The study population was divided into three age groups of 20 to 40-year-olds, 40 to 60-year-olds, and those over 60, and SPEP patterns was compared between healthy individuals and patients in these age groups. In the 20–40 age group, 4 out of 14 patients (36.4 percent) and 1 out of 14 healthy individuals (7.1 percent) demonstrated a polyclonal gammopathy. In the 40–60 age group, 7 out of 24 patients (29.2 percent) and none of the 7 healthy individuals demonstrated a polyclonal gammopathy pattern. In the over 60 age group, only 1 out of 2 patients (50 percent) and none of the healthy individuals demonstrated a polyclonal gammopathy. Given the greater than 0.05 P-value, no statistically significant difference was observed between these two groups.

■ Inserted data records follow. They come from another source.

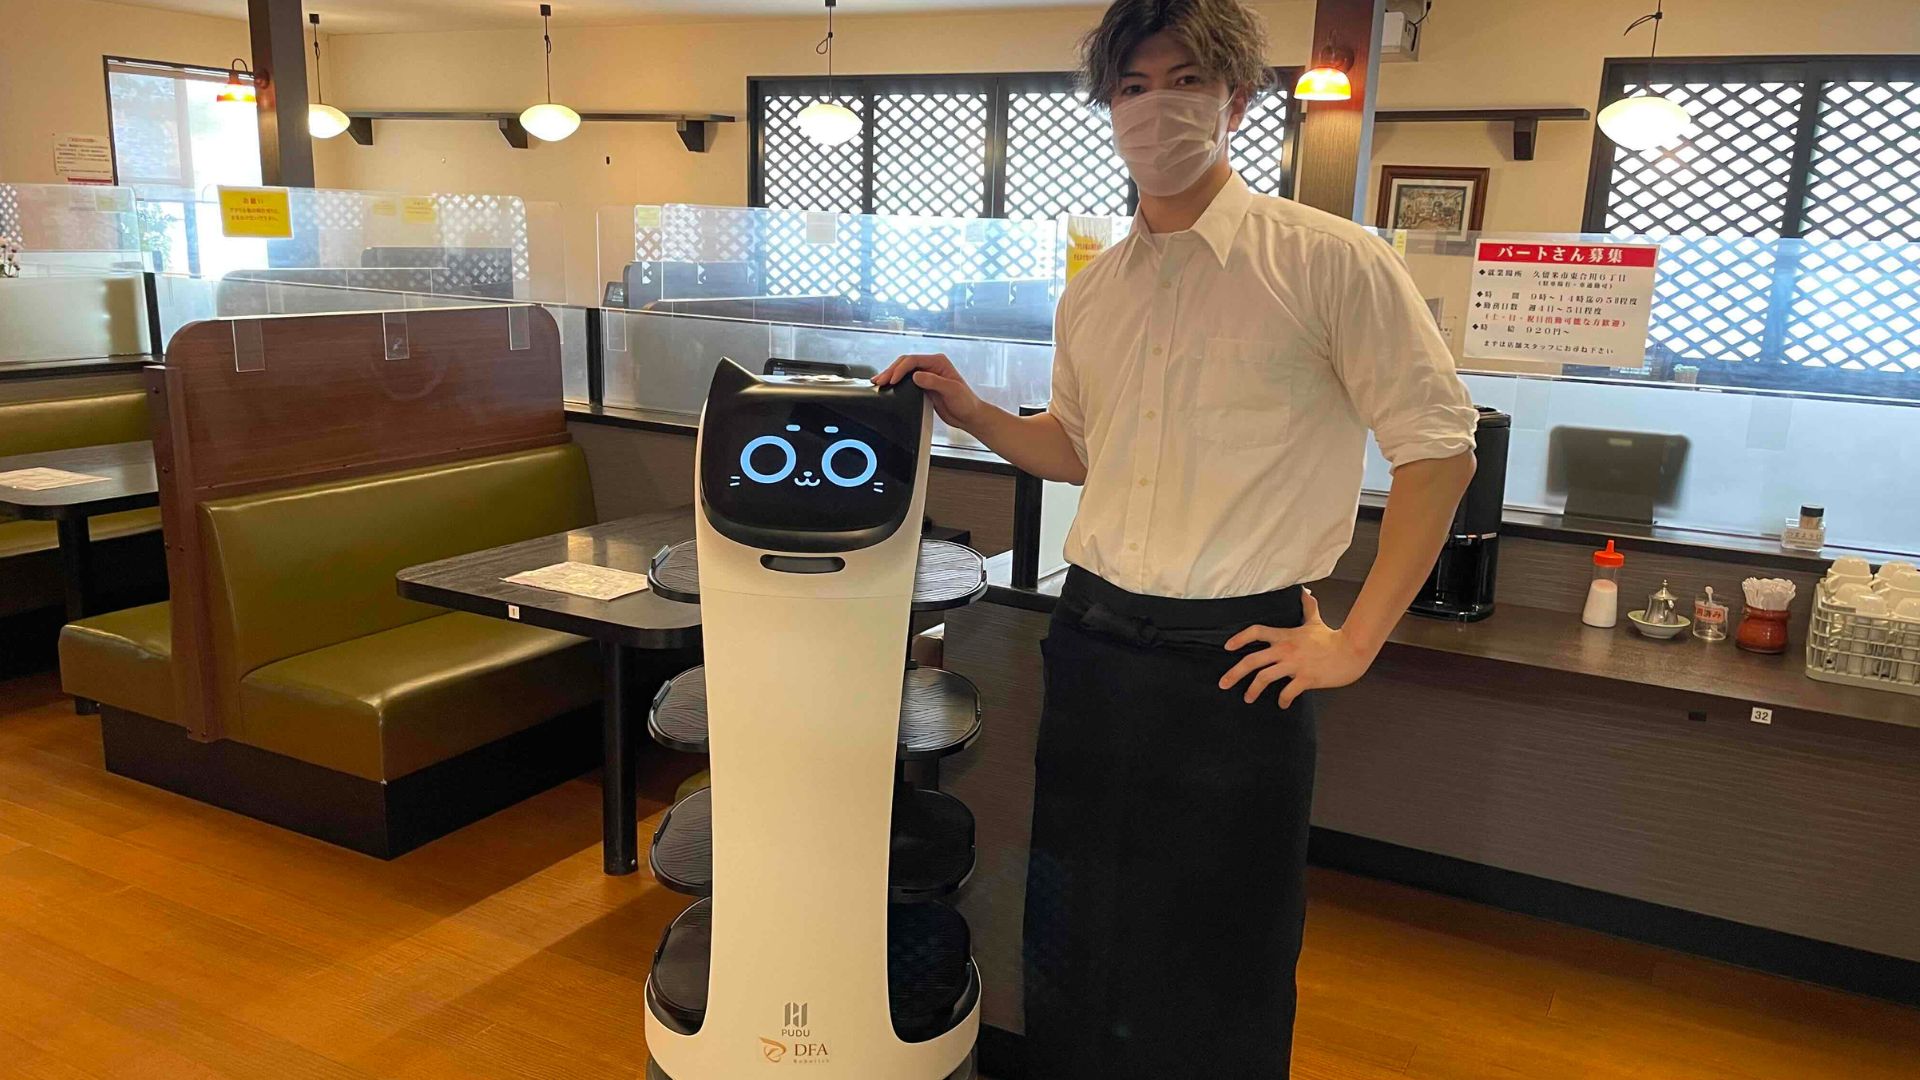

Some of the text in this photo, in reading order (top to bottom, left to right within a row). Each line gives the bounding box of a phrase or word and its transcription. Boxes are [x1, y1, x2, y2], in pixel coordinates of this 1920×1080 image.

[1497, 246, 1624, 264] パートさん募集
[1483, 302, 1518, 311] 勤務日数
[1754, 710, 1769, 721] 32
[781, 1028, 811, 1037] PUDU
[794, 1043, 829, 1056] DFA
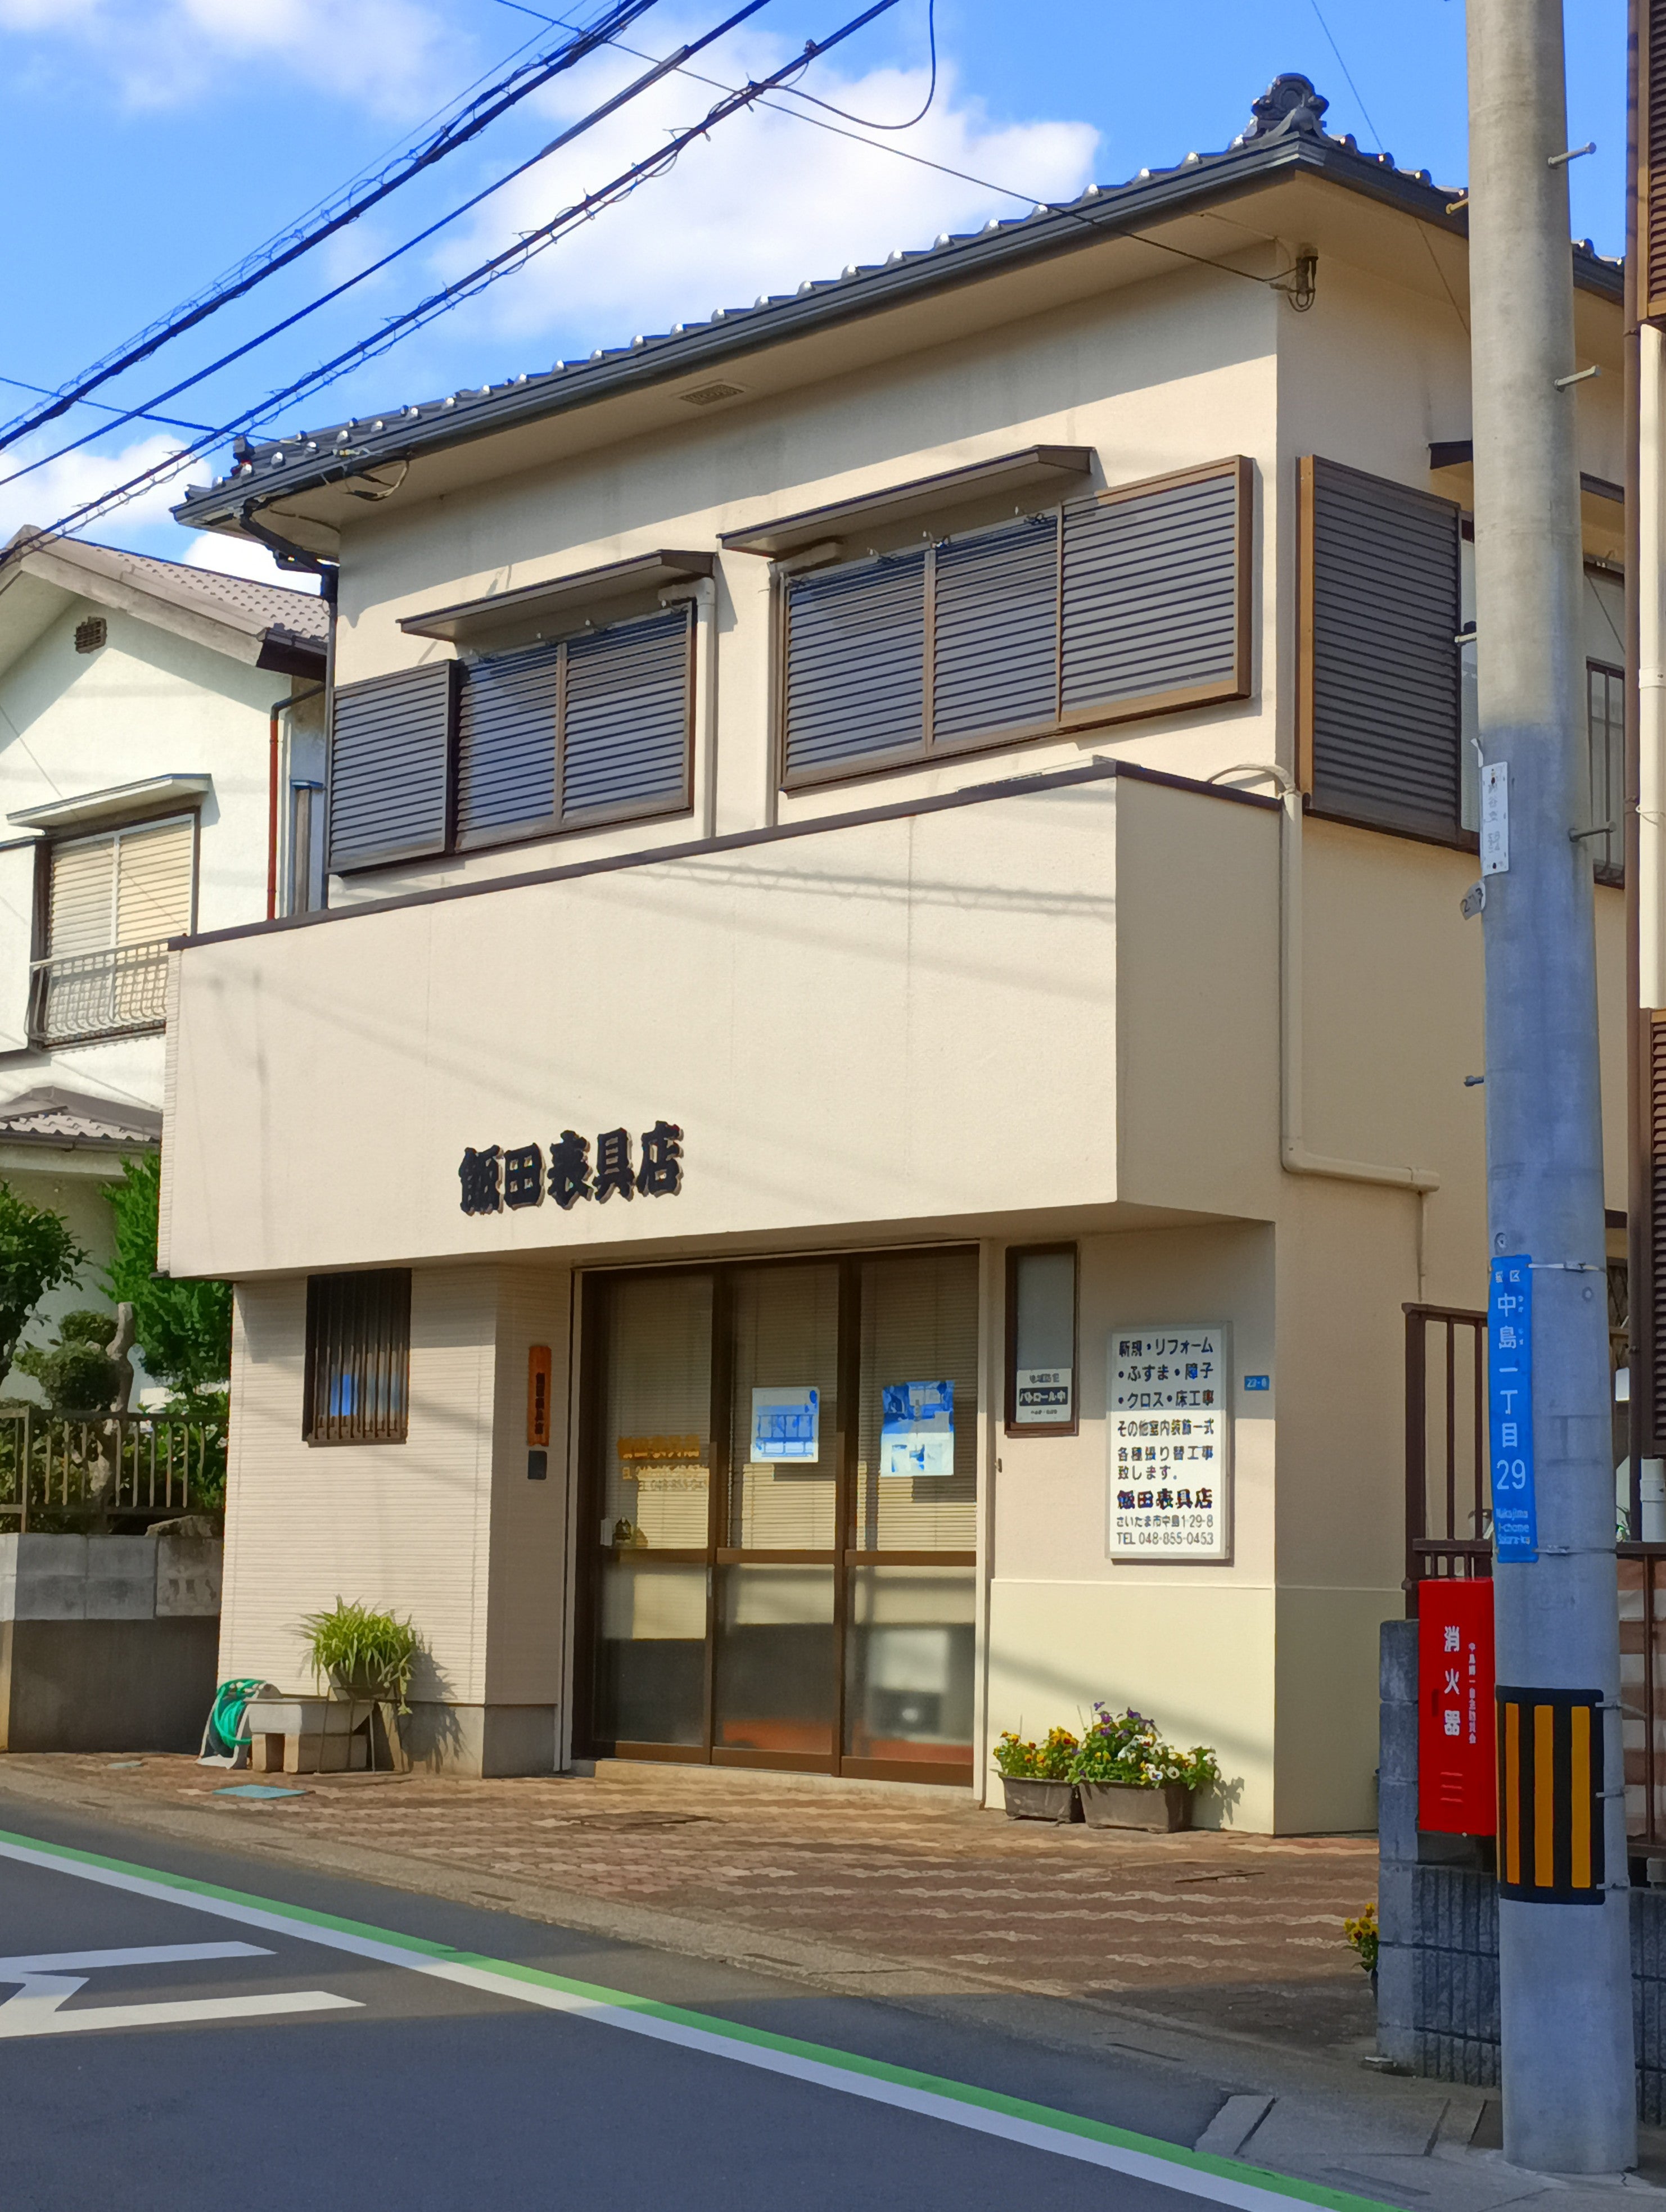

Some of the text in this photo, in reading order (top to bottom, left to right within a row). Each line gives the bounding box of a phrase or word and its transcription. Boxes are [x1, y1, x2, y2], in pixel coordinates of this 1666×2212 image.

Relations between CD4+ T-cell level and status of antiretroviral treatment with SPEP patterns was evaluated (Fig. 2). Eight patients had not received antiretroviral treatment. Among these, 4 (50 percent) demonstrated a polyclonal gammopathy. Twenty-nine had received antiretroviral treatment among whom 8 (28 percent) demonstrated a polyclonal gammopathy. No statistically significant connection between SPEP patterns and status of antiretroviral treatment in patients was observed (P-value > 0.05). On the other hand, when recipients of antiretroviral treatment were compared with healthy individuals among whom 1 out of 24 (4 percent) showed a polyclonal gammopathy pattern, a statistically significant difference was observed (P-value < 0.02).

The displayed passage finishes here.